──────── Provided data ────────

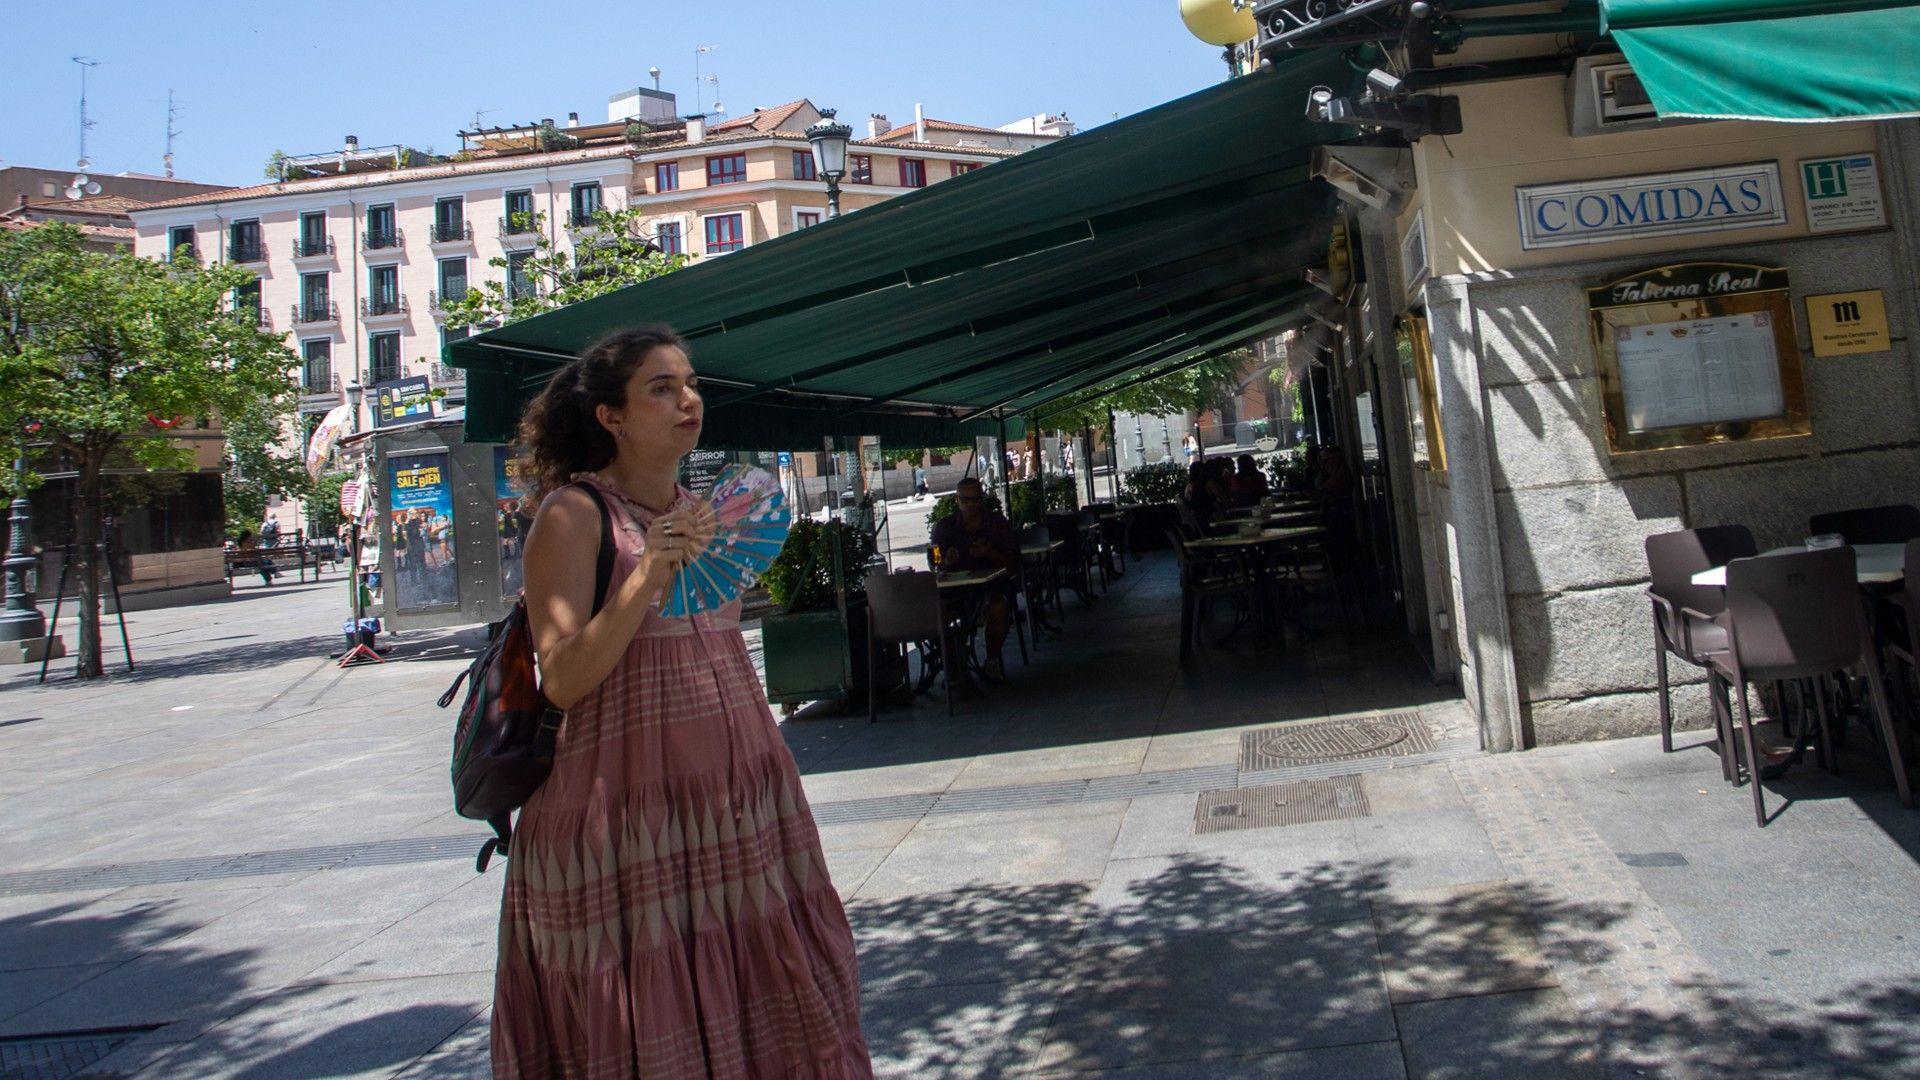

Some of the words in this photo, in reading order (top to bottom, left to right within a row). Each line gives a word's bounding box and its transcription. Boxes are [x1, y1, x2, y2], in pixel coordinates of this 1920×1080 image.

[1807, 163, 1846, 196] H
[1537, 179, 1762, 232] COMIDAS
[1612, 281, 1700, 303] Taberna
[1707, 269, 1762, 293] Real
[397, 475, 418, 488] SALE
[418, 473, 441, 488] BIEN
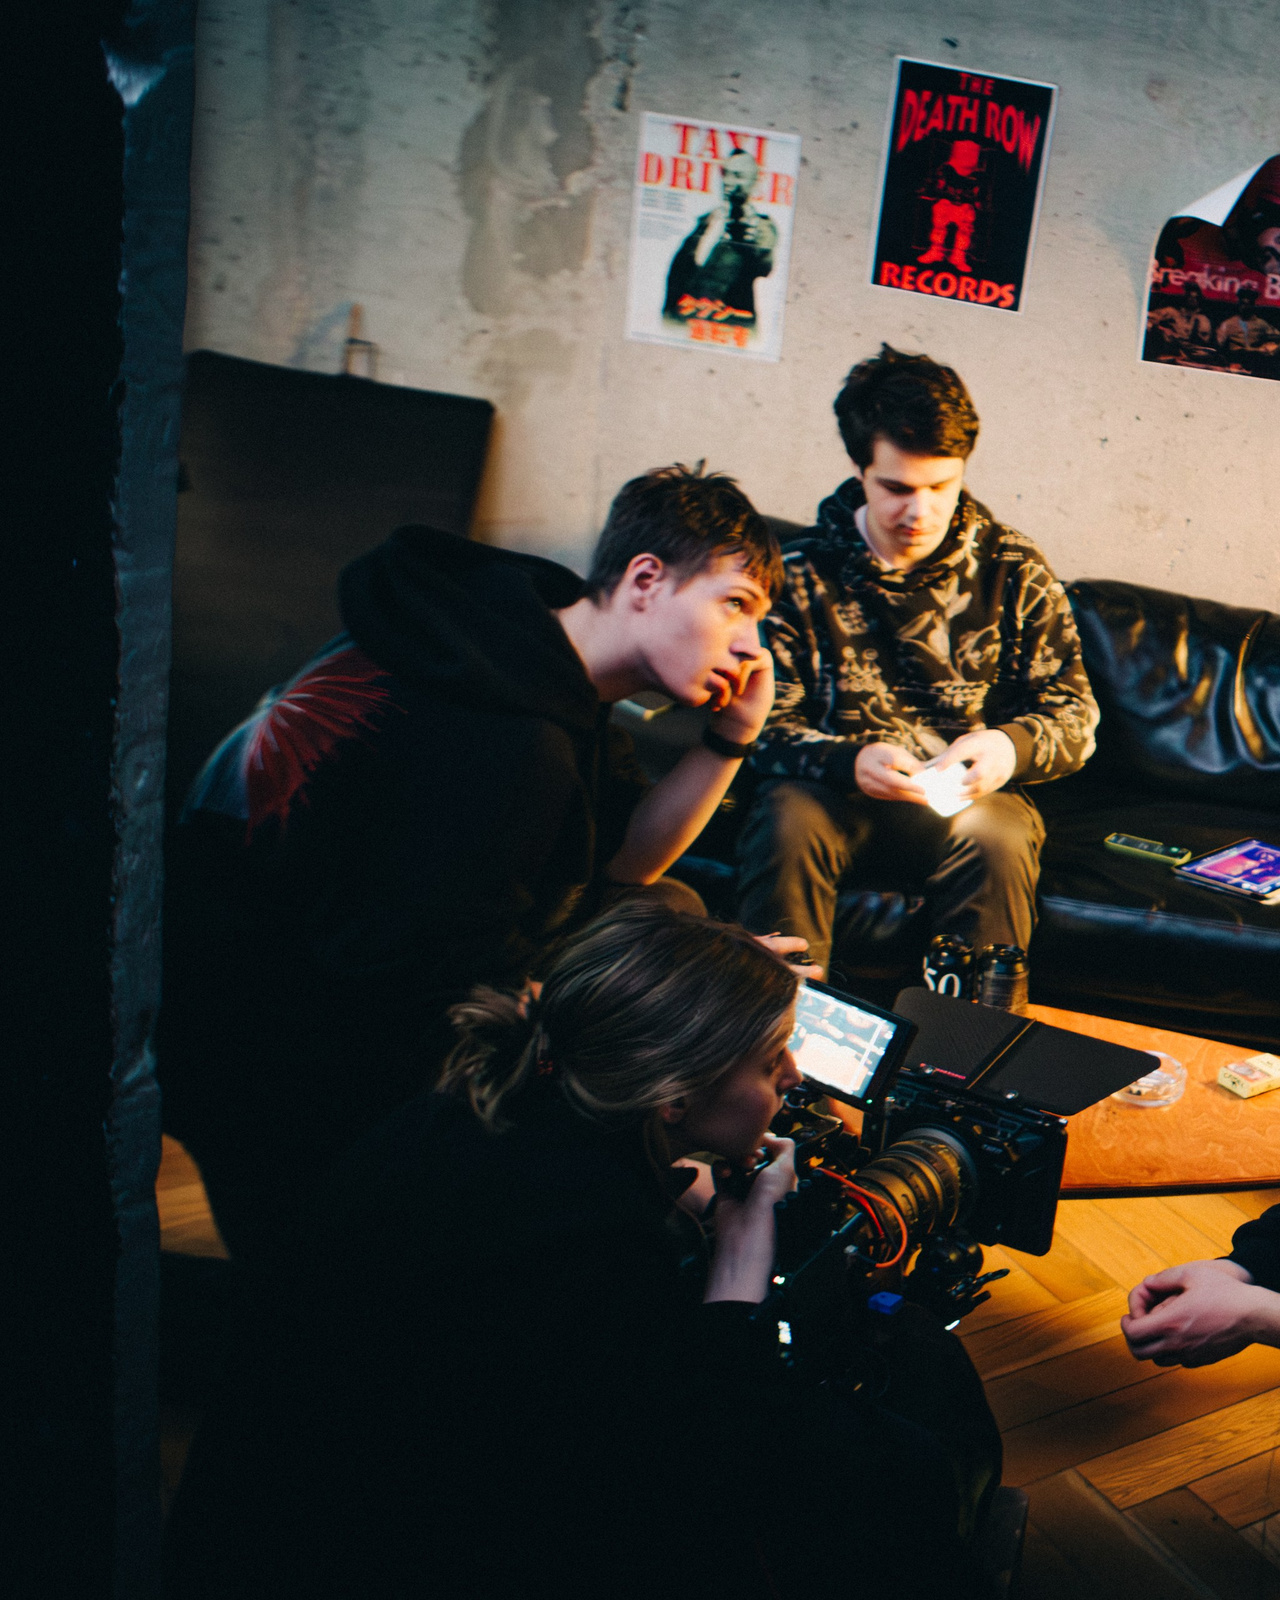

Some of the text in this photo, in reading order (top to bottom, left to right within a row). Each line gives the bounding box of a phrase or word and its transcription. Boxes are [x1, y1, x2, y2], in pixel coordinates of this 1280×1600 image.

[959, 73, 995, 96] THE
[897, 89, 1041, 173] DEATH ROW
[879, 261, 1016, 308] RECORDS

────────

Action item: Starting at the line that contains "Some of the text", copy each line exactly through the end of the listing above. Include that first line and the last one, and add nothing.

Solution to the exercise:
Some of the text in this photo, in reading order (top to bottom, left to right within a row). Each line gives the bounding box of a phrase or word and its transcription. Boxes are [x1, y1, x2, y2], in pixel coordinates of this 1280×1600 image.

[959, 73, 995, 96] THE
[897, 89, 1041, 173] DEATH ROW
[879, 261, 1016, 308] RECORDS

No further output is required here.